Increased access when coupled with a commitment to transparency allows community members to engage with educational data in genuine and productive ways. One Cherry Creek High School (CCHS) alum noted that educational data are often cropped to cut out undesirable data points. They suggested that “even if you can’t report every single piece of data, for instance, in your summary, I think it’s very important for the public to see every piece of data you had because a) it holds you accountable because you can’t omit things that didn’t support your narrative, and b) I think it provides a way for the public to understand what types of data you’re collecting and maybe build upon it and maybe improve it or fully understand the nature of the study.” A school leader noted that pairing quantitative data with additional context helps community members develop a more accurate and vivid impression of what is happening in a school.
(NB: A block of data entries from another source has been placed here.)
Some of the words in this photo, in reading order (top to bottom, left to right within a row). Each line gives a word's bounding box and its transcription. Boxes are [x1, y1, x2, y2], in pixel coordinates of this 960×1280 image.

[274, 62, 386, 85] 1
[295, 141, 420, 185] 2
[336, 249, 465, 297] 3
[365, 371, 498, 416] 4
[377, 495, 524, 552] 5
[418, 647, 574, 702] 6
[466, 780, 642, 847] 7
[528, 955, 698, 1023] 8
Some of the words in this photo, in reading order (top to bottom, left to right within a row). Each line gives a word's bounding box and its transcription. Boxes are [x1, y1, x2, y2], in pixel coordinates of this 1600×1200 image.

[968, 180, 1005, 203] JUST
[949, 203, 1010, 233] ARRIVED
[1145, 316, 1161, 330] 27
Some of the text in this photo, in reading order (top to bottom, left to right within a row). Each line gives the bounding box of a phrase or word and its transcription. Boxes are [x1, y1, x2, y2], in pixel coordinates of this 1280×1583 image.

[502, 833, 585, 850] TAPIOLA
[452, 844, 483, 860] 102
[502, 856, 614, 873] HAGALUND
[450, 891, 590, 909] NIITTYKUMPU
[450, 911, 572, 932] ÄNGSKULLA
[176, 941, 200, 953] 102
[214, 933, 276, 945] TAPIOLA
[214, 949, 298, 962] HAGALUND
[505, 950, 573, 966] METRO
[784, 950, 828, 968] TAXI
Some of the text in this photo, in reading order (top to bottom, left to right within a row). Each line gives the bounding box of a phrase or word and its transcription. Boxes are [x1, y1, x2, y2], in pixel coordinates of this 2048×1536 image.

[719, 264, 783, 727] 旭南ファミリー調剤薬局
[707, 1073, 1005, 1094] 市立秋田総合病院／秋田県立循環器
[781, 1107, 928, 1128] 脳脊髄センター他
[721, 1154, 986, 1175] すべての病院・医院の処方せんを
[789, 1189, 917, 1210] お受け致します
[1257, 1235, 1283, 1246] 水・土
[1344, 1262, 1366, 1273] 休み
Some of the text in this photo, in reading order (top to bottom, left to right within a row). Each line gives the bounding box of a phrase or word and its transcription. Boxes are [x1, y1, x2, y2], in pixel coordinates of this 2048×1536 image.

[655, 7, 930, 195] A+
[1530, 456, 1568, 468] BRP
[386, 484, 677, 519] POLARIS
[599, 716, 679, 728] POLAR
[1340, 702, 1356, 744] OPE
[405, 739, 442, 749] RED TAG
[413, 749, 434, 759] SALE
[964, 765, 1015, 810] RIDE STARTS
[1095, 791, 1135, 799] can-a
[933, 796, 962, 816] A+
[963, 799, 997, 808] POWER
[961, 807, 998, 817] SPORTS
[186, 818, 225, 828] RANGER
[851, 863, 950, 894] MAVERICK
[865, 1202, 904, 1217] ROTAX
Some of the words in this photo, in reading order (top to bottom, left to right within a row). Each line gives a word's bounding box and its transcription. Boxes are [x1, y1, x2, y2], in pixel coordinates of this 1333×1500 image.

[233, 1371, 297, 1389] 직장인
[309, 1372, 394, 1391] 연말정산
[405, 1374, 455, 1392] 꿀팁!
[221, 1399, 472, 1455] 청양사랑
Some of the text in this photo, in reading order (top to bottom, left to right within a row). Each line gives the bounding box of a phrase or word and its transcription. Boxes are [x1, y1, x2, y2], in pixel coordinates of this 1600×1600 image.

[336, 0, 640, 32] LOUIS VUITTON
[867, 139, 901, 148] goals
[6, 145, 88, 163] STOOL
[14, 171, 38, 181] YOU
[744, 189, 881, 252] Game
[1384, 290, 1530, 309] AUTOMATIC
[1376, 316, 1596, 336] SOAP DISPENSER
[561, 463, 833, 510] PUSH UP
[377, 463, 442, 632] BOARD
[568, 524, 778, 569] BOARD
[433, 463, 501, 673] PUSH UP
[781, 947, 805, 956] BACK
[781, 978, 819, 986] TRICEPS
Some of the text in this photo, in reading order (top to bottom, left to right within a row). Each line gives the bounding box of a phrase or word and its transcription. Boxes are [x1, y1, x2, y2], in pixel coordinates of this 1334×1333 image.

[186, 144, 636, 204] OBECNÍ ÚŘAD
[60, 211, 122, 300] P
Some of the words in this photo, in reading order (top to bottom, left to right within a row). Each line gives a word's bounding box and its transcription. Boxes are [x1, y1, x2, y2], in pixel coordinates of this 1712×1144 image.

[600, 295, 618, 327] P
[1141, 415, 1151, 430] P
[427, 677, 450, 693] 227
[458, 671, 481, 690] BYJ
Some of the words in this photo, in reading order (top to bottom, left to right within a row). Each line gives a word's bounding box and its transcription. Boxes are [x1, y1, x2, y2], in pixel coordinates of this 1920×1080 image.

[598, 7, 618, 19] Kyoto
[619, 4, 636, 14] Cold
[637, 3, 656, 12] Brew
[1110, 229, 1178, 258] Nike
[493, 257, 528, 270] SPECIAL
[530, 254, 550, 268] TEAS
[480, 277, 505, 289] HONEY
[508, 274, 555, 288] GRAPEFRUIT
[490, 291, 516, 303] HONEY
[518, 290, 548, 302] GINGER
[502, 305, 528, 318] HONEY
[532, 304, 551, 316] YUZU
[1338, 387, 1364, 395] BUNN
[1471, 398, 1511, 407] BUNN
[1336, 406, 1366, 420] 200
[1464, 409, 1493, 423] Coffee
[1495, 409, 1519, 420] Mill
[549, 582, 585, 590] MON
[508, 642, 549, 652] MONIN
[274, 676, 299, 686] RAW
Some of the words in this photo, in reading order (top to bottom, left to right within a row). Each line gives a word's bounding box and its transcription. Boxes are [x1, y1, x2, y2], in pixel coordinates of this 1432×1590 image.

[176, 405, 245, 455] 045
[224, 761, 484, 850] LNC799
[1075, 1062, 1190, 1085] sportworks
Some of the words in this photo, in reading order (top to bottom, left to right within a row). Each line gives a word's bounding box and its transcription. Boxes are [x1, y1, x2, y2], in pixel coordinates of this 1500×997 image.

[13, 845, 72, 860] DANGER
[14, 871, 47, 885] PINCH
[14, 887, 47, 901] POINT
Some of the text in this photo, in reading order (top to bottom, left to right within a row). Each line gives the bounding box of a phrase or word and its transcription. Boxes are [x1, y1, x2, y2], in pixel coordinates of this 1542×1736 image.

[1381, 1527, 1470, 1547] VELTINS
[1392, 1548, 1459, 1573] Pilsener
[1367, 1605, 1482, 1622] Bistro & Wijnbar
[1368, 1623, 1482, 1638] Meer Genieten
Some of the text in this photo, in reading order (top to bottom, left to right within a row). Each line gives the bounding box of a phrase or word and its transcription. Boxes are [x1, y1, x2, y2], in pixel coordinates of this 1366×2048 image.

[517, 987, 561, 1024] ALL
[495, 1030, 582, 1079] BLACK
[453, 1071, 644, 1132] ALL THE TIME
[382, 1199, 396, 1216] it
As she put it, with “public data you have to be thinking about the unintended consequences and the context and where do these schools have control and where do they not. Where are they making choices and where are they not for their kids.” She also noted that in the service of transparency, it is important to make sure those engaging with the data are aware of where the data they are seeing are coming from. This is especially important as sometimes different processes for collecting and analyzing data can produce contradictory conclusions; “we experienced systems warfare for years between the state system, the Denver system, and then the internal data that told us what our kids were doing every single day. For example, on the state [rating system] we were yellow but if you recall DPS had a matrix approach, they never did just one year. So if we had a good year, and we had any bad years coupled in front or behind it, it would hide all the growth the kids made. So while one system is telling us ‘hey, you’re doing what you need to be doing and you’re on the right path’, the other was telling you red and that one had more power. And none of them really told our story.”

It was pointed out over and over again that generally educational data are useful inasmuch as they provide insight into improving student experiences and outcomes. Shifting the focus from punishment to improvement, many community members suggest, will allow for conversations around data to become more productive and less hostile. One community member noted that the information about school performance derived from educational data, for instance, should be used for the purpose of “soft accountability.” As she put it, “this dashboard should not be used in any way, shape, or form to punish schools ever. But there’s going to be soft accountability. It’ll be publicly known that the teachers at this school don’t feel supported or heard. By amplifying the voice of everybody–students, parents, and faculty at schools–you then provide the opportunity for there to be this soft accountability. We should be paying attention to this school because that’s a weakness of theirs. But the heart behind that is not, we pay attention to that weakness of that school in order to bludgeon them. It’s in order to say they need more supports.”

One educator noted that some schools , especially those that serve a majority of marginalized students, can find themselves perpetually punished as a consequence of the current relationship between resource allocation and school assessment strategies. This heightened scrutiny can be unhelpful and also unfair. A CCHS alum noted that the desire to use educational data to find who is to “blame” often results in the consequence of misplacing the burden for changing undesirable outcomes and systematic approaches. As they noted, “while it is true that data is not always going to be positive, and that’s okay, data should not be used as a tool of oppression. I think data is often used to put the burden back on minoritized people for a system that they didn’t create and I don’t think that’s how data should be used.”